As the short-term rental market matures, many Airbnb hosts are looking to cash in on the equity they’ve built. But before you hit “sell” on that profitable listing, it’s crucial to understand the tax on selling Airbnb properties in 2025. Between capital gains, depreciation recapture, and state taxes, your profit margin can quickly shrink without the right strategy.
The good news? Real estate investors have a powerful ally: the 1031 exchange. Combine that with a smart Airbnb calculator to estimate your returns, and you’ve got a solid game plan to defer taxes and reinvest wisely.

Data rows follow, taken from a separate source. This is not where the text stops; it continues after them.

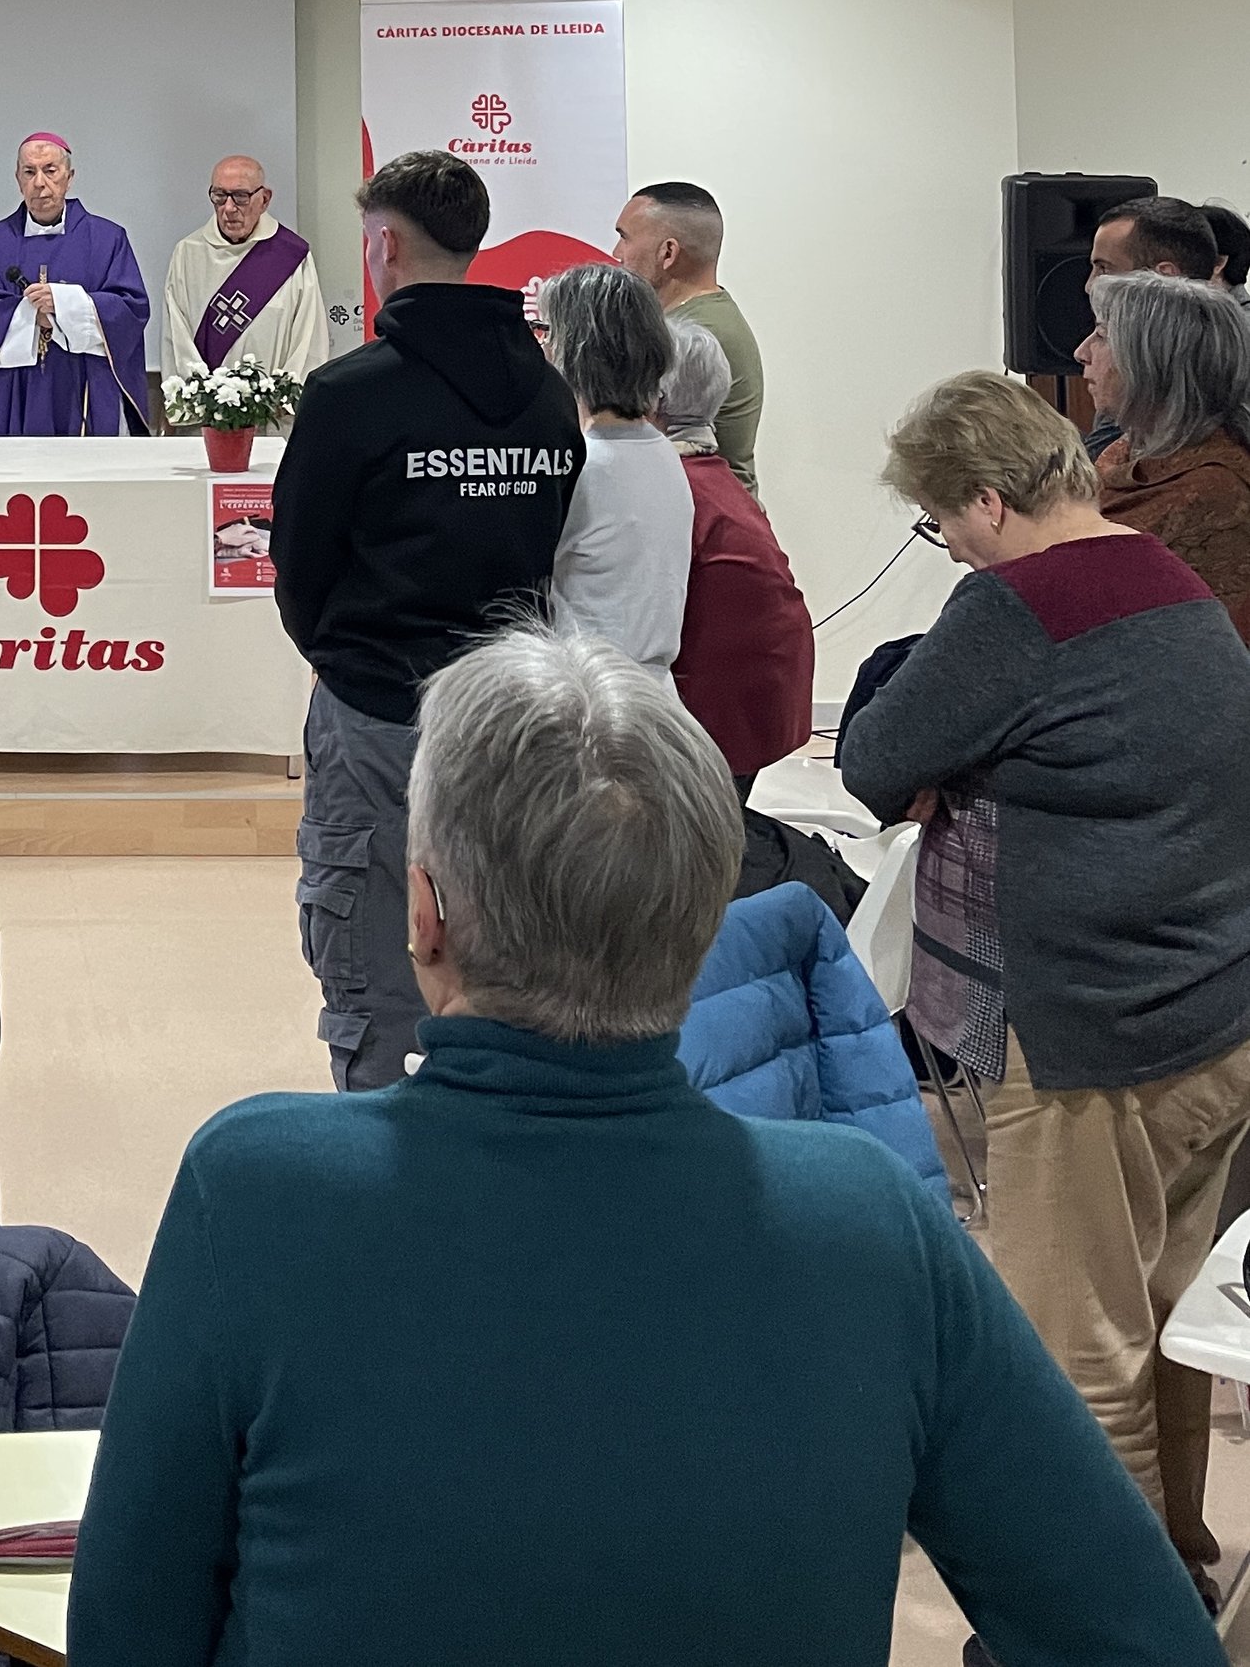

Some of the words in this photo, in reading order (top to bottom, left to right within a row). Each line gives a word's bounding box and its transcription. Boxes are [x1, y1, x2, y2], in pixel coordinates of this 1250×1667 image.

[376, 25, 438, 39] CÀRITAS
[442, 24, 525, 37] DIOCESANA
[530, 24, 549, 35] DE
[553, 23, 605, 35] LLEIDA
[448, 138, 532, 153] Càritas
[494, 157, 505, 165] de
[509, 157, 537, 165] Lleida
[406, 448, 573, 479] ESSENTIALS
[459, 482, 496, 497] FEAR
[499, 482, 512, 496] OF
[513, 481, 537, 495] GOD
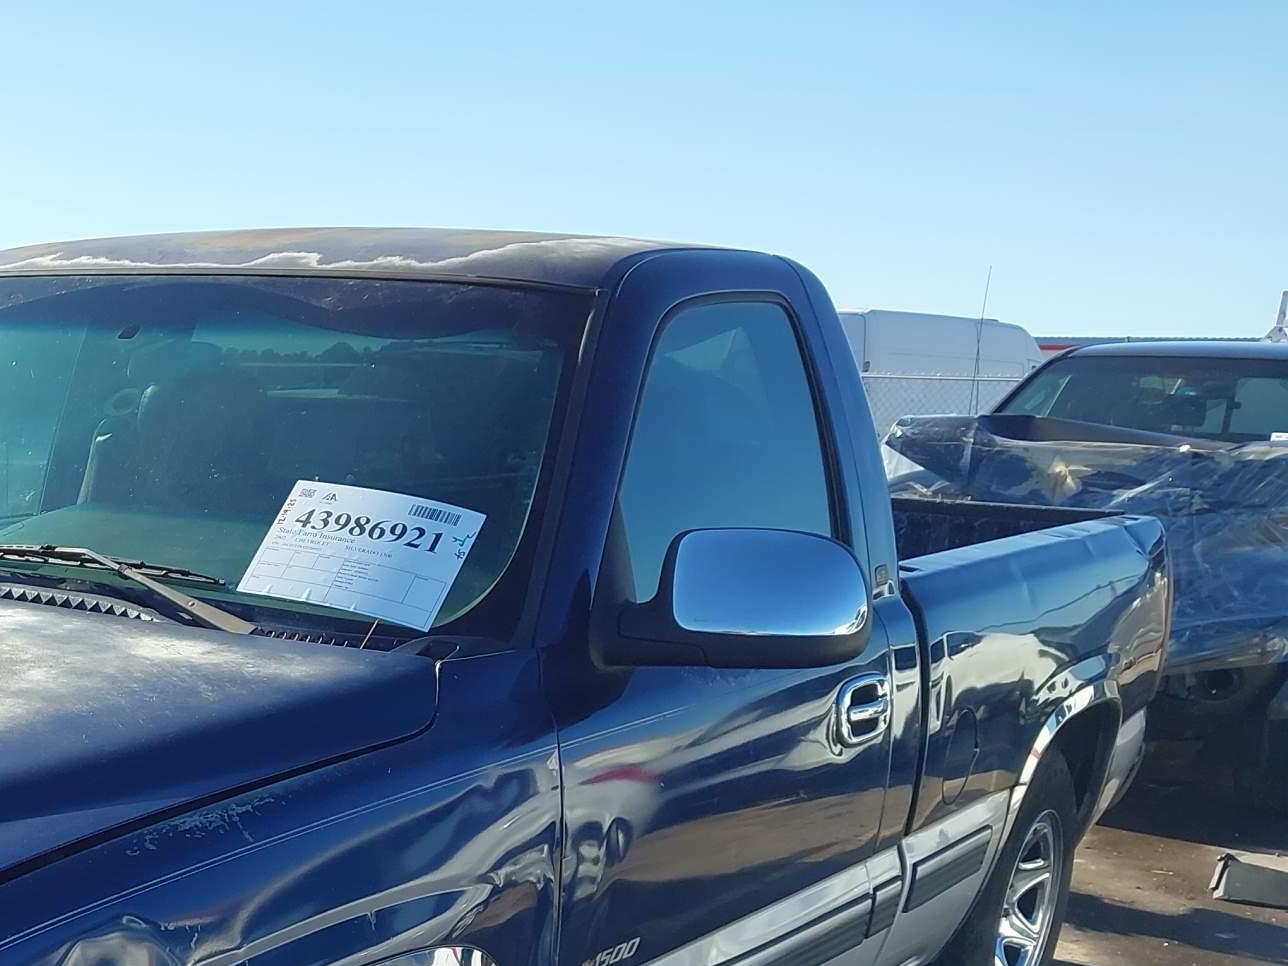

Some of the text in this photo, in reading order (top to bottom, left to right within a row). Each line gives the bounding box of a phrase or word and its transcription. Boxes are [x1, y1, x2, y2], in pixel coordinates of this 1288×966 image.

[278, 527, 296, 535] State
[298, 529, 317, 539] Farm
[319, 532, 356, 544] Insurance
[294, 508, 445, 555] 43986921

In this article, we’ll break down the tax implications of selling your Airbnb, how to calculate your profits, and how to legally defer capital gains through a 1031 exchange in 2025.

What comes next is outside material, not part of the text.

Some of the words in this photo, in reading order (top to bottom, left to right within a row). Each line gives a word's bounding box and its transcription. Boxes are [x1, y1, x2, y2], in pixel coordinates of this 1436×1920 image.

1. Tax on Selling Airbnb: What You Need to Know
Selling an Airbnb is not the same as selling your primary residence. Here are the main taxes that may apply:
a. Capital Gains Tax
- Applies to the profit made between your purchase price (adjusted basis) and selling price.

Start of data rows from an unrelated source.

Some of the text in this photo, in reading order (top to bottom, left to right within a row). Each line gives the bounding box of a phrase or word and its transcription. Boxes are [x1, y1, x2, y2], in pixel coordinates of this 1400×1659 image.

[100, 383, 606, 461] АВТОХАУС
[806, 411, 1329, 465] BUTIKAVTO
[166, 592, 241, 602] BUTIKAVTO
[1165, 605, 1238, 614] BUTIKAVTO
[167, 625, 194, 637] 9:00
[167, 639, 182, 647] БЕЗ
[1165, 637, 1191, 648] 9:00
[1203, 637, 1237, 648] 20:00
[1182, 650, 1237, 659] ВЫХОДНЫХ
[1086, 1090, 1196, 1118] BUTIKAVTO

- Federal capital gains tax ranges from 15% to 20%, depending on your income.
- Some states like California and New York add another 9-13%.
b. Depreciation Recapture
- You’ve likely deducted depreciation on your Airbnb for tax benefits.
- When you sell, the IRS wants some of that back.
- Recapture is taxed at a flat 25% on the depreciation claimed.
c. Net Investment Income Tax (NIIT)
- If your income exceeds $200,000 (single) or $250,000 (married), an additional 3.8% may apply to your gains.
d. State Taxes
- State capital gains taxes can significantly impact your net proceeds.
Example:
Item | Amount |
Purchase Price | $300,000 |
Sale Price | $500,000 |
Capital Gain | $200,000 |
Federal Capital Gains Tax (15%) | $30,000 |
Depreciation Recapture (25% on $75k) | $18,750 |
Total Tax Owed | ~$48,750 |
Without a tax deferral strategy, nearly 25% of your profit could go to taxes.
2. Use an Airbnb Calculator to Estimate Profits
Before selling, it’s important to calculate:
- Cumulative rental income
- Operating expenses
- Appreciation value
- Projected capital gains tax
Use this free Airbnb ROI & profit estimation tool: GetChalet Airbnb Calculator
This Airbnb calculator provides:
- Average nightly rate in your zip code
- Occupancy rates
- Seasonality factors
- Estimated annual income and costs
- Equity and potential return if sold
By combining this with your tax estimate, you can decide whether to sell or hold.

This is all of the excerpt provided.